= Beginning of Section =

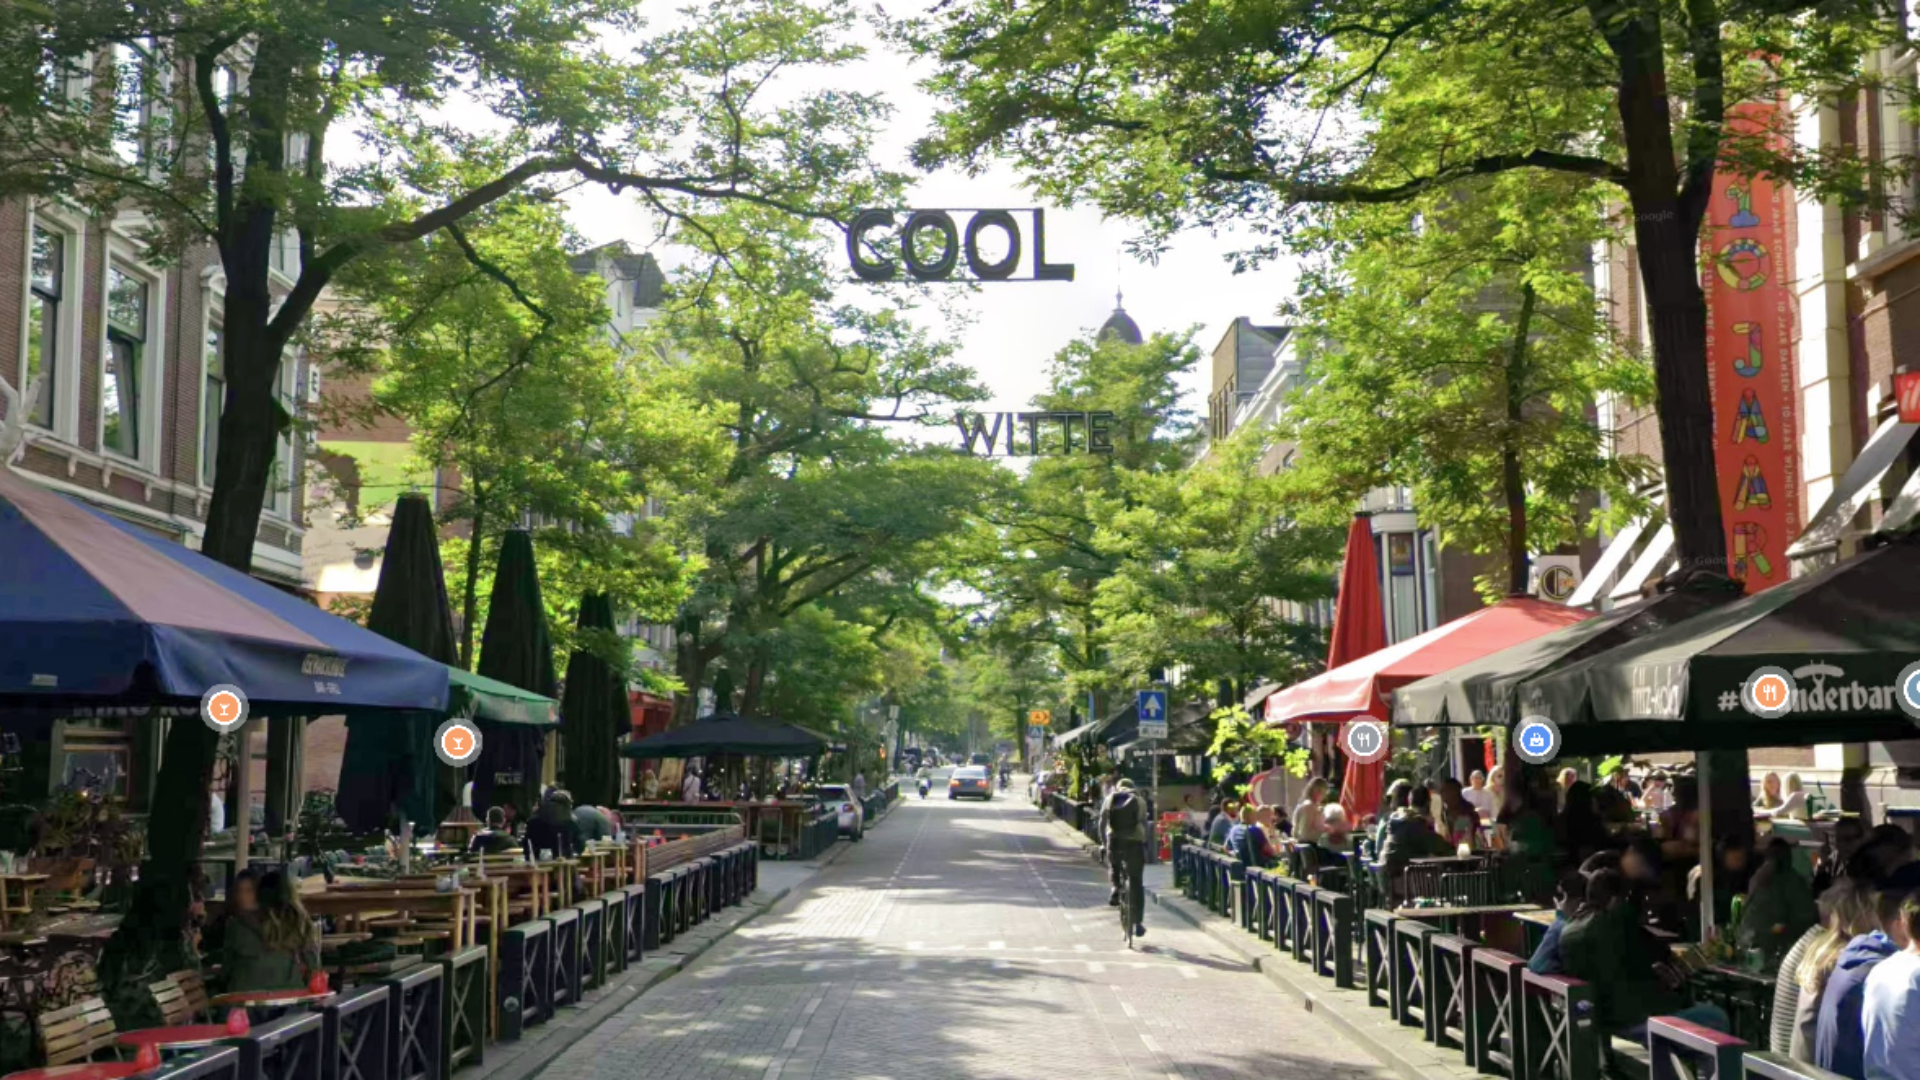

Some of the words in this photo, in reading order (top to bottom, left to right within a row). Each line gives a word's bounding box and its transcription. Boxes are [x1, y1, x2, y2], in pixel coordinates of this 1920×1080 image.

[847, 208, 1075, 281] COOL
[956, 411, 1114, 456] WITTE
[1730, 319, 1773, 579] JAAR
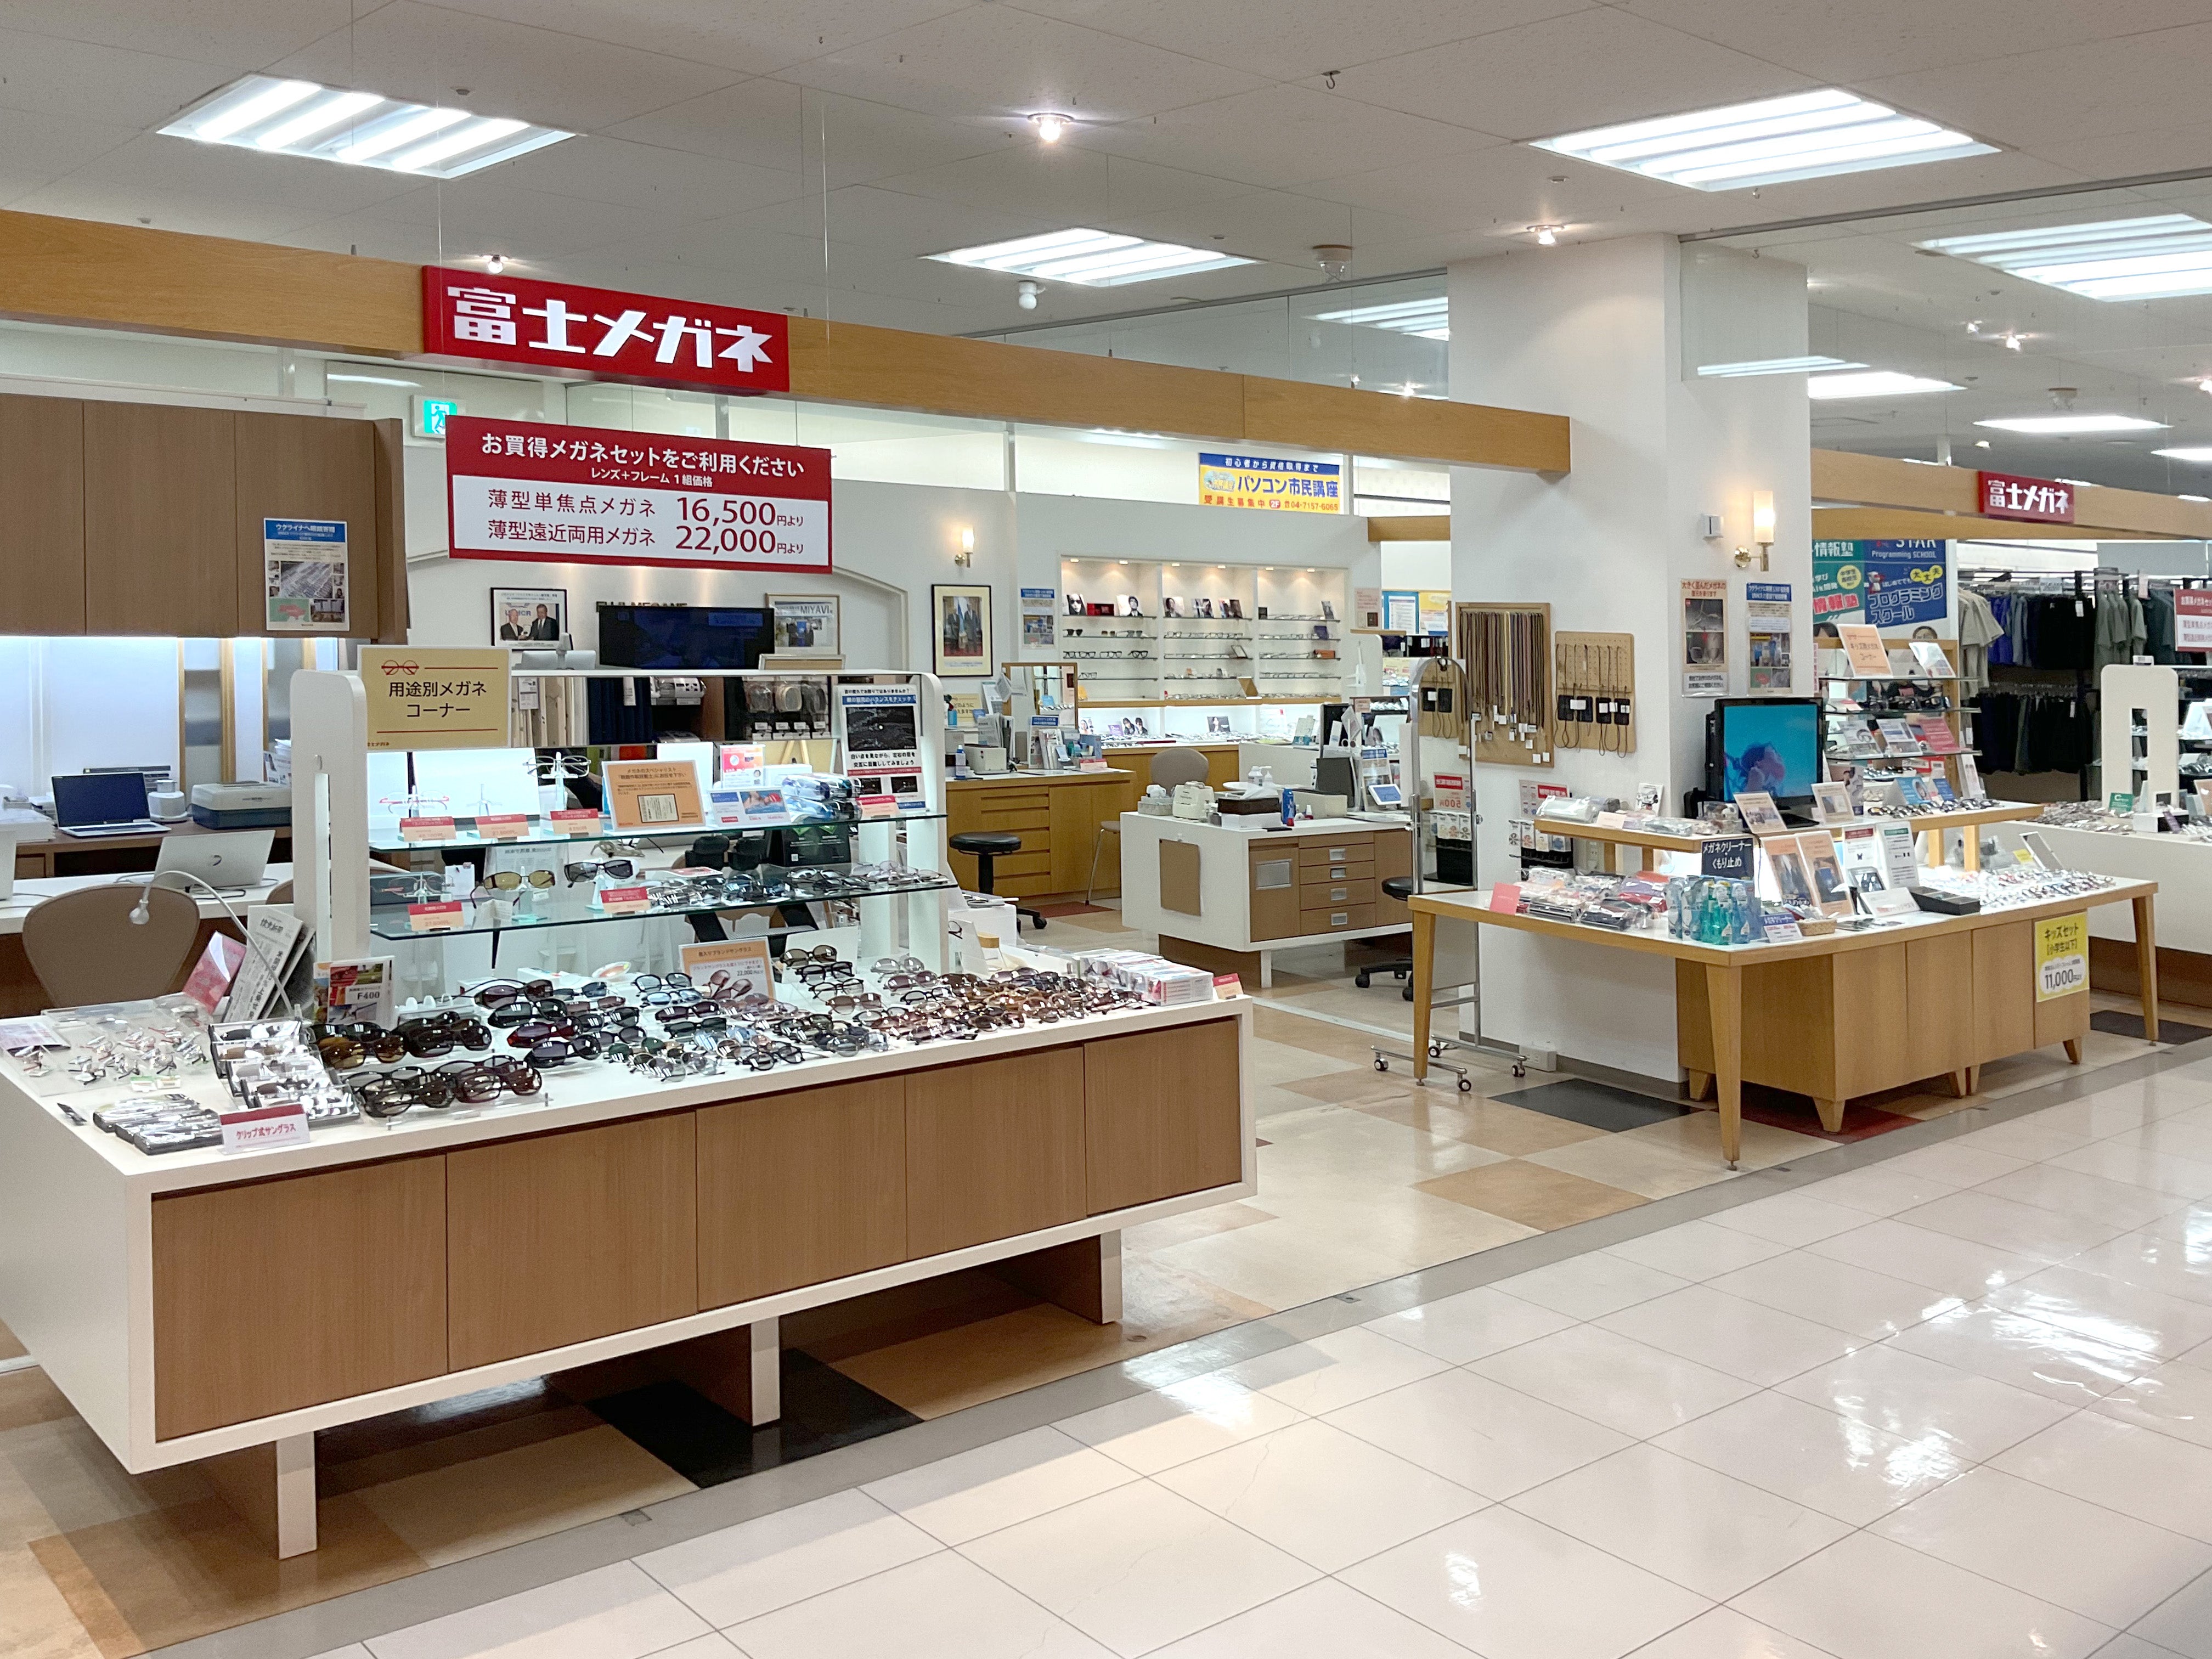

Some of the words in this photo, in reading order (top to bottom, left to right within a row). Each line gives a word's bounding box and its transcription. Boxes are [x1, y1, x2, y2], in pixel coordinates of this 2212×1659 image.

= End of Section =

#### Exercise brief
The entries above are to be retyped exactly, with each picture left out.

#### Problem solution
Some of the words in this photo, in reading order (top to bottom, left to right within a row). Each line gives a word's bounding box and its transcription. Boxes are [x1, y1, x2, y2], in pixel coordinates of this 1920×1080 image.

[847, 208, 1075, 281] COOL
[956, 411, 1114, 456] WITTE
[1730, 319, 1773, 579] JAAR

Some of the words in this photo, in reading order (top to bottom, left to right within a row). Each line gives a word's bounding box and its transcription. Boxes are [x1, y1, x2, y2], in pixel coordinates of this 2212×1659 image.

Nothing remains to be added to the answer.